Immunotherapy has dramatically changed the outcome for patients with advanced melanoma, with significant improvements in overall survival and potential cure for some. The recent approval of nivolumab in combination with relatlimab (nivolumab-relatlimab) added a third immunotherapy option for first-line treatment for advanced melanoma. Nivolumab-relatlimab has shown greater efficacy compared to single-agent nivolumab and has fewer unacceptable side effects compared to the combination of ipilimumab and nivolumab (ipilimumab-nivolumab).

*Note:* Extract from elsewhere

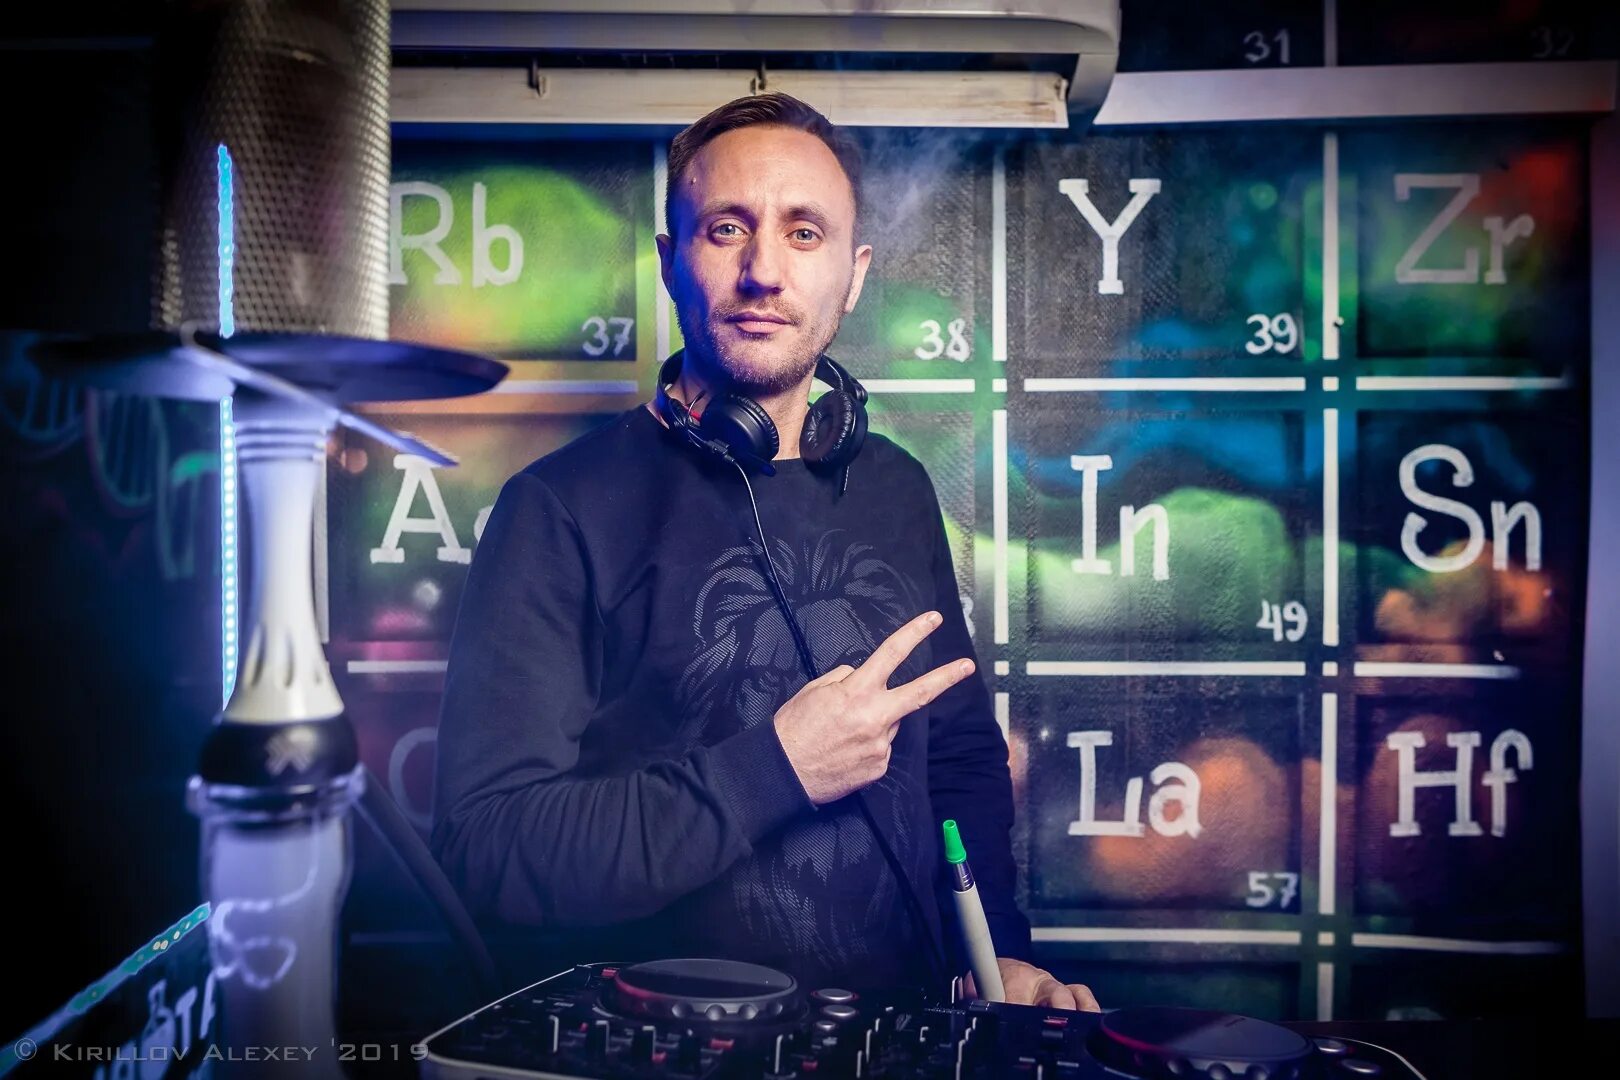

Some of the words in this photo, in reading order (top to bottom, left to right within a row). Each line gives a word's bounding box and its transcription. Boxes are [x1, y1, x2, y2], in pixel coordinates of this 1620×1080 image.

However, the lack of both long-term follow-up data and direct comparison with ipilimumab-nivolumab raises uncertainty about where to position nivolumab-relatlimab in clinical practice. Since most patients who respond to combination ipilimumab-nivolumab also respond to nivolumab-relatlimab, and many to single-agent anti-programmed death-1 (PD-1) monotherapy, the challenge is to identify the subgroup of patients who need ipilimumab-nivolumab and would not achieve similar benefits from less toxic alternatives. This review discusses the available data on efficacy of the three approved first-line immunotherapies (single-agent anti-PD-1, nivolumab-relatlimab or ipilimumab-nivolumab) and their value in distinct population groups to help guide clinical decisions.